Maria Grazia Calandrone
Poesia-sudario per Genova
14 agosto 2018
 Il sudario si chiama sudario
 perché assorbe gli umori
 dei morti. Viene deposto
 sul volto, per nascondere allo sguardo dei vivi
 il lavorio della morte
 nei lineamenti amati, le enfiagioni
 e lo scavo finale, la riduzione all’osso, che riporta
 la materia conclusa di un corpo nel non finito dell’altra
 materia, all’indistinto delle zolle e degli astri.

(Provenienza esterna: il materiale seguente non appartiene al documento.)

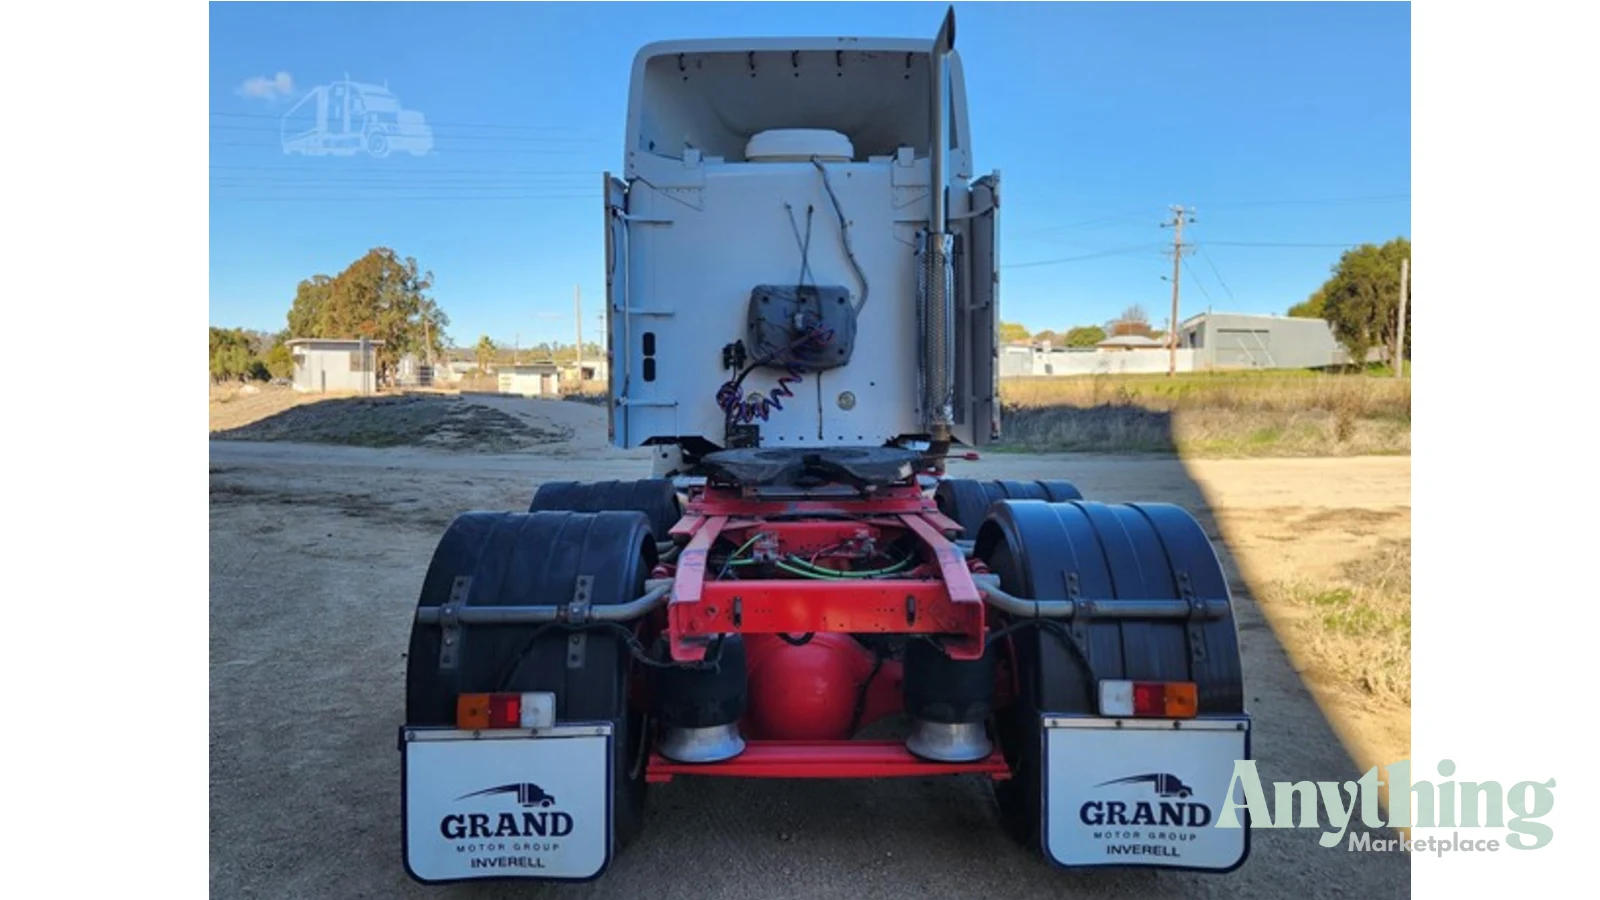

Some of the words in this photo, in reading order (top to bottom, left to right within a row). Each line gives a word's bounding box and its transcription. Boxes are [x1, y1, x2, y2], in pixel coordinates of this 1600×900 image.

[1079, 801, 1212, 827] GRAND
[440, 812, 574, 839] GRAND
[1093, 831, 1141, 839] MOTOR
[1148, 832, 1197, 841] GROUP
[456, 843, 505, 853] MOTOR
[513, 843, 560, 852] GROUP
[1106, 844, 1181, 858] INVERELL
[471, 856, 546, 868] INVERELL
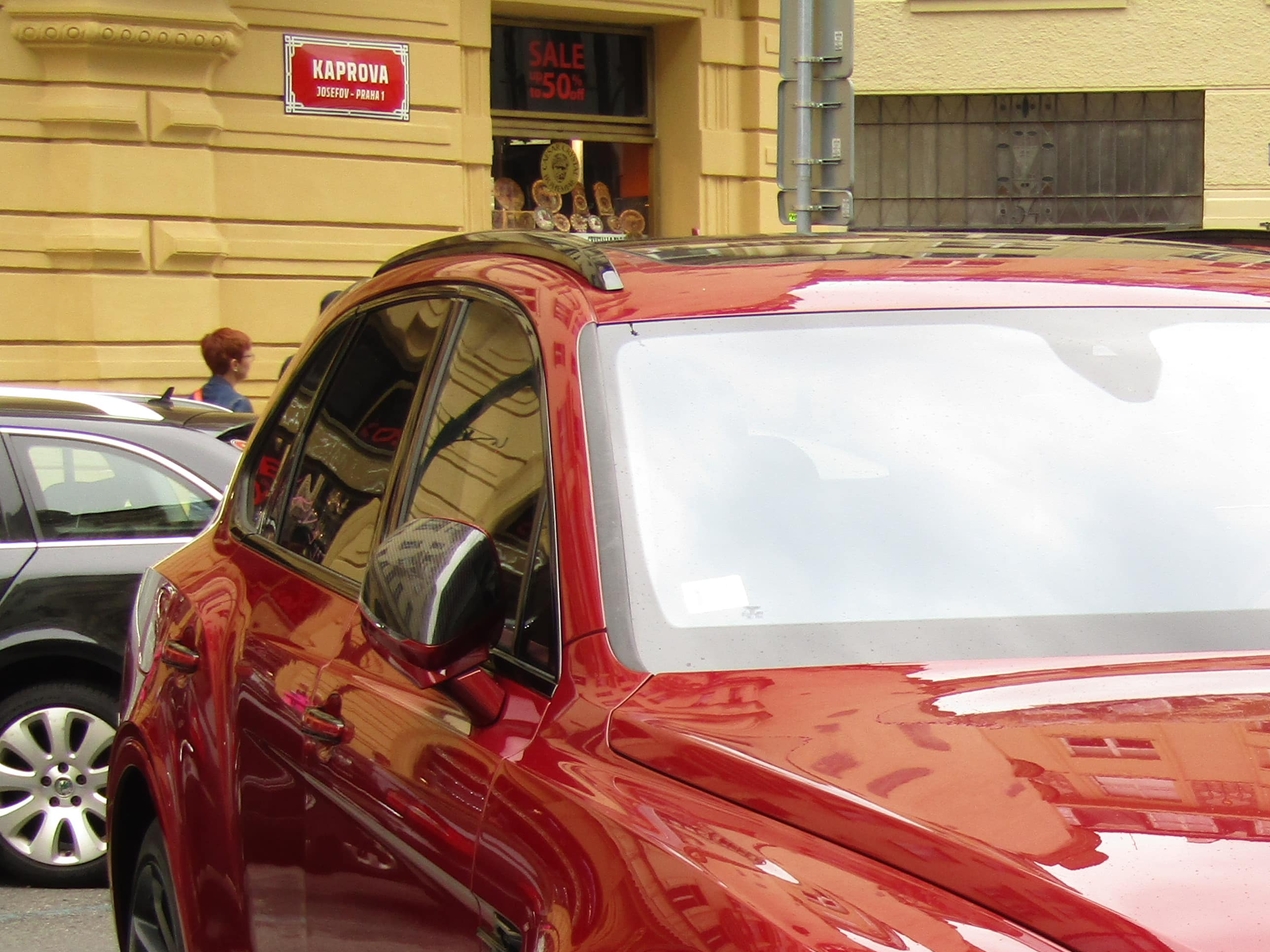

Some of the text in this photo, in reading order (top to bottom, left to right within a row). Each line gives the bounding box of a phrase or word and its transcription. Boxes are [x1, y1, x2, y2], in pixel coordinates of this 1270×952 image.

[530, 41, 586, 70] SALE
[313, 59, 389, 84] KAPROVA
[316, 86, 350, 99] JOSEFOV
[355, 89, 380, 101] PRAHA
[380, 91, 385, 101] 1

 Il sudario è deposto per pudore
 sul volto, perché quel volto smetta di finire
 sotto i nostri occhi. Così vorrei
 che le parole, poiché non possono asciugare davvero
 neanche una goccia
 del vostro sangue, ricordassero almeno
 la vita, il celeste profondo
 o la rosa canina fra i paranchi
 che vi ha fatto sorridere
 per la sua ostinazione di essere viva
 nel cantiere perpetuo del porto
 luminoso di sole morente
 o l’altro sole, la grandezza radiale dell’alba
 sollevata tra guizzi di reale come un rinascimento.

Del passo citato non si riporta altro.